Page MenuHomeSoftware Heritage

D8593.diff
No OneTemporary

D8593.diff

diff --git a/swh/provenance/algos/__init__.py b/swh/provenance/algos/__init__.py
new file mode 100644
diff --git a/swh/provenance/directory.py b/swh/provenance/algos/directory.py
rename from swh/provenance/directory.py
rename to swh/provenance/algos/directory.py
--- a/swh/provenance/directory.py
+++ b/swh/provenance/algos/directory.py
@@ -8,10 +8,9 @@
from swh.core.statsd import statsd
from swh.model.model import Sha1Git
-
-from .archive import ArchiveInterface
-from .interface import ProvenanceInterface
-from .model import DirectoryEntry
+from swh.provenance.archive import ArchiveInterface
+from swh.provenance.interface import ProvenanceInterface
+from swh.provenance.model import DirectoryEntry
REVISION_DURATION_METRIC = "swh_provenance_directory_duration_seconds"
diff --git a/swh/provenance/graph.py b/swh/provenance/algos/isochrone_graph.py
rename from swh/provenance/graph.py
rename to swh/provenance/algos/isochrone_graph.py
--- a/swh/provenance/graph.py
+++ b/swh/provenance/algos/isochrone_graph.py
@@ -1,4 +1,4 @@
-# Copyright (C) 2021 The Software Heritage developers
+# Copyright (C) 2021-2022 The Software Heritage developers
# See the AUTHORS file at the top-level directory of this distribution
# License: GNU General Public License version 3, or any later version
# See top-level LICENSE file for more information
@@ -11,10 +11,9 @@
from swh.core.statsd import statsd
from swh.model.model import Sha1Git
-
-from .archive import ArchiveInterface
-from .interface import ProvenanceInterface
-from .model import DirectoryEntry, RevisionEntry
+from swh.provenance.archive import ArchiveInterface
+from swh.provenance.interface import ProvenanceInterface
+from swh.provenance.model import DirectoryEntry, RevisionEntry
GRAPH_DURATION_METRIC = "swh_provenance_graph_duration_seconds"

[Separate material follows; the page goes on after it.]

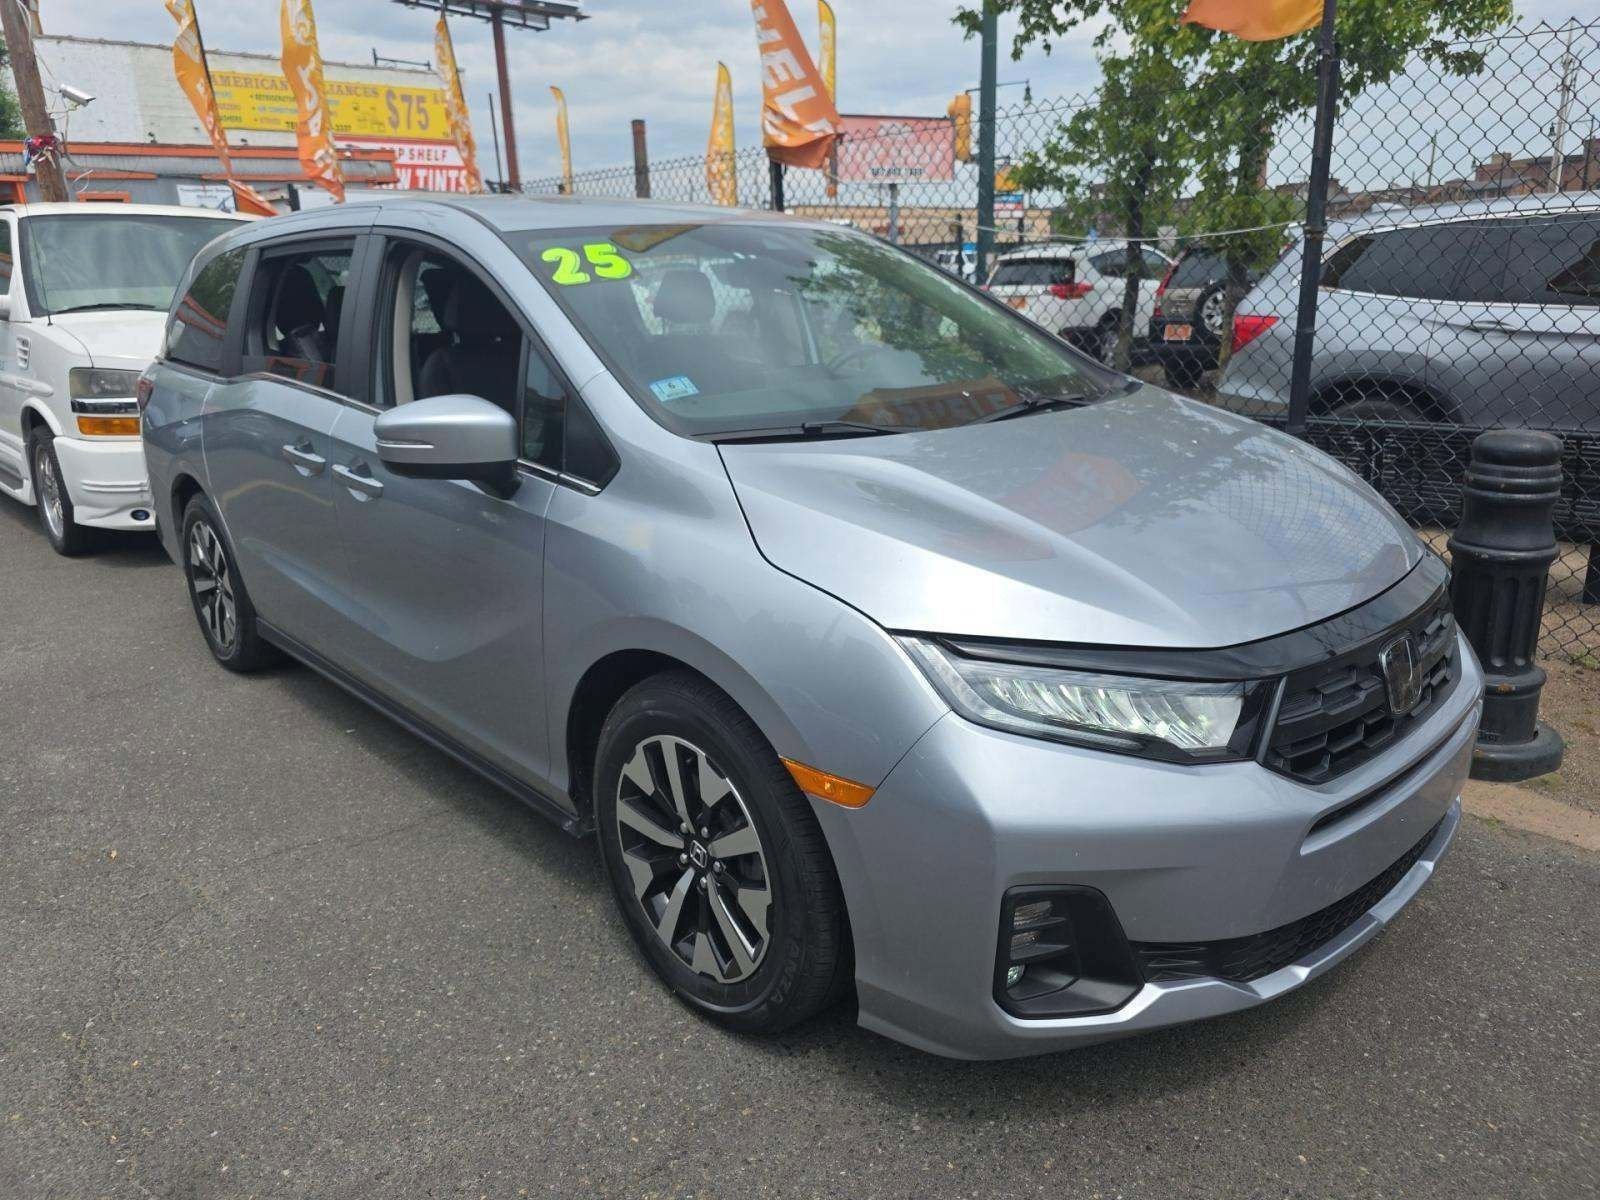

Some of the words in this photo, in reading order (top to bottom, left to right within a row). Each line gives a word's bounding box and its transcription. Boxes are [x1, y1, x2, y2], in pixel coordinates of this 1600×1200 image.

[386, 88, 430, 135] $75
[408, 148, 448, 161] SHELF
[541, 243, 632, 285] 25

GRAPH_OPERATIONS_METRIC = "swh_provenance_graph_operations_total"
@@ -26,50 +25,6 @@
pass
-class HistoryGraph:
- @statsd.timed(metric=GRAPH_DURATION_METRIC, tags={"method": "build_history_graph"})
- def __init__(
- self,
- archive: ArchiveInterface,
- revision: RevisionEntry,
- ) -> None:
- self.head_id = revision.id
- self._nodes: Set[Sha1Git] = set()
- # rev -> set(parents)
- self._edges: Dict[Sha1Git, Set[Sha1Git]] = {}
-
- stack = {self.head_id}
- while stack:
- current = stack.pop()
-
- if current not in self._nodes:
- self._nodes.add(current)
- self._edges.setdefault(current, set())
- for rev, parent in archive.revision_get_some_outbound_edges(current):
- self._nodes.add(rev)
- self._edges.setdefault(rev, set()).add(parent)
- stack.add(parent)
-
- # don't process nodes for which we've already retrieved outbound edges
- stack -= self._nodes
-
- def parent_ids(self) -> Set[Sha1Git]:
- """Get all the known parent ids in the current graph"""

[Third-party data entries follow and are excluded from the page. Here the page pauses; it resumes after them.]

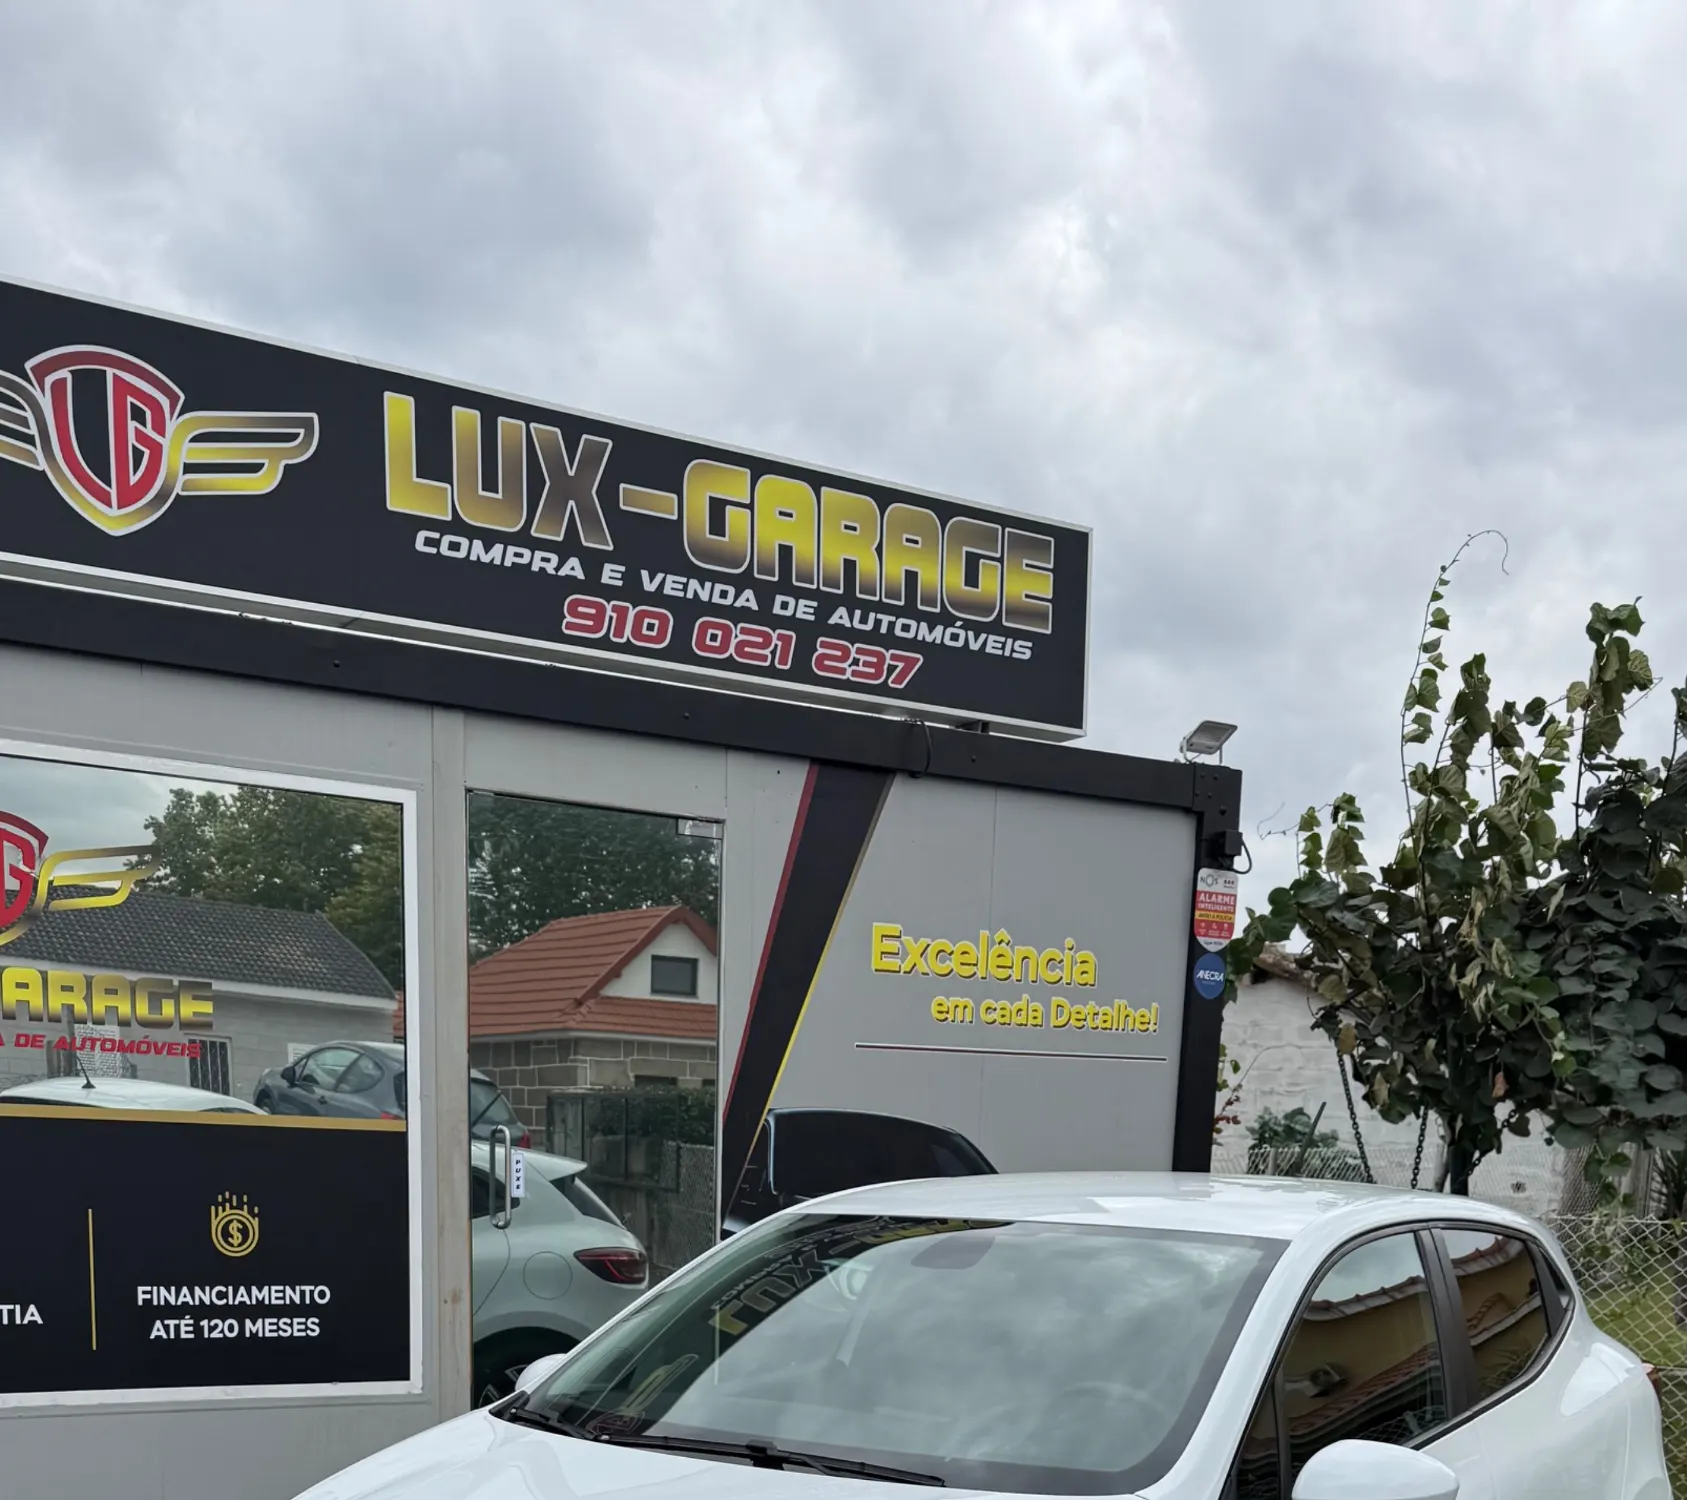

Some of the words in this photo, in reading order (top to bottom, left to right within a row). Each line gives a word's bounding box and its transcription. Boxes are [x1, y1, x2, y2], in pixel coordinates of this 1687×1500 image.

[384, 391, 1055, 634] LUX-GARAGE
[415, 530, 585, 580] COMPRA
[600, 562, 626, 586] E
[640, 569, 759, 611] VENDA
[772, 594, 818, 621] DE
[827, 606, 1033, 660] AUTOMÓVEIS
[561, 594, 673, 649] 910
[692, 616, 796, 670] 021
[812, 636, 923, 689] 237
[871, 922, 1098, 987] Excelência
[1, 966, 214, 1030] ARAGE
[931, 996, 974, 1024] em
[980, 994, 1043, 1028] cada
[1050, 996, 1159, 1035] Detalhe!
[15, 1033, 45, 1049] DE
[53, 1036, 201, 1058] AUTOMÓVEIS
[0, 1304, 43, 1325] TIA
[137, 1286, 331, 1306] FINANCIAMENTO
[150, 1315, 195, 1339] ATÉ
[200, 1319, 238, 1338] 120
[245, 1318, 320, 1338] MESES

- return self._nodes - {self.head_id}
-
- def __str__(self) -> str:
- return f"<HistoryGraph: head={self.head_id.hex()}, edges={self._edges}"
-
- def as_dict(self) -> Dict[str, Any]:
- return {
- "head": self.head_id.hex(),
- "graph": {
- node.hex(): sorted(parent.hex() for parent in parents)

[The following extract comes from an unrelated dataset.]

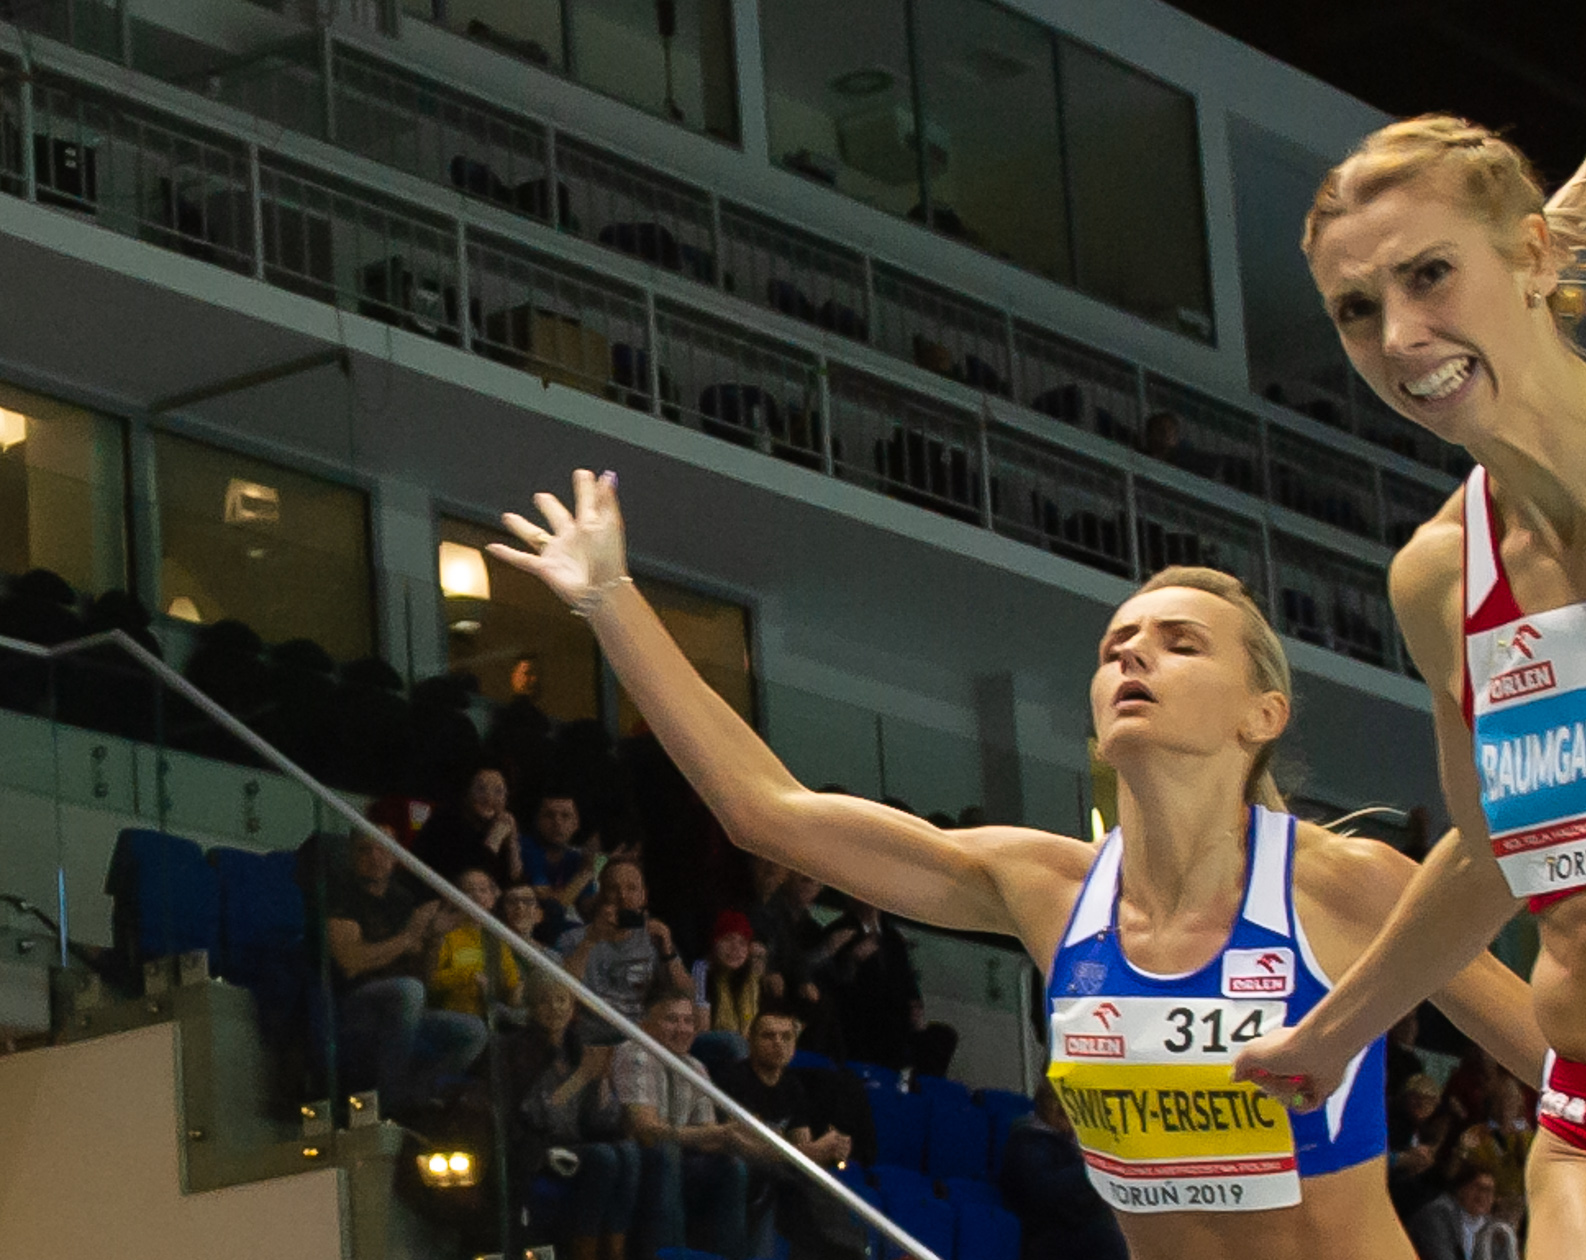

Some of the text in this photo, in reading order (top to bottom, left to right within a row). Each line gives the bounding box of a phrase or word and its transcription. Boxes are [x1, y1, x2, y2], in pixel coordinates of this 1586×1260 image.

[1490, 664, 1553, 701] ORLEN
[1164, 1007, 1263, 1053] 314
[1187, 1183, 1244, 1207] 2019

- for node, parents in self._edges.items()
- },
- }
-
-
class IsochroneNode:
def __init__(
self,
diff --git a/swh/provenance/origin.py b/swh/provenance/algos/origin.py
rename from swh/provenance/origin.py
rename to swh/provenance/algos/origin.py
--- a/swh/provenance/origin.py
+++ b/swh/provenance/algos/origin.py
@@ -6,17 +6,15 @@
from datetime import datetime
from itertools import islice
import logging
-from typing import Generator, Iterable, Iterator, List, Optional, Tuple
+from typing import Any, Dict, Generator, Iterable, Iterator, List, Optional, Set, Tuple
from swh.core.statsd import statsd
from swh.model.model import Sha1Git
+from swh.provenance.archive import ArchiveInterface
+from swh.provenance.interface import ProvenanceInterface
+from swh.provenance.model import OriginEntry, RevisionEntry
-from .archive import ArchiveInterface
-from .graph import HistoryGraph
-from .interface import ProvenanceInterface
-from .model import OriginEntry
-
-ORIGIN_DURATION_METRIC = "swh_provenance_origin_revision_layer_duration_seconds"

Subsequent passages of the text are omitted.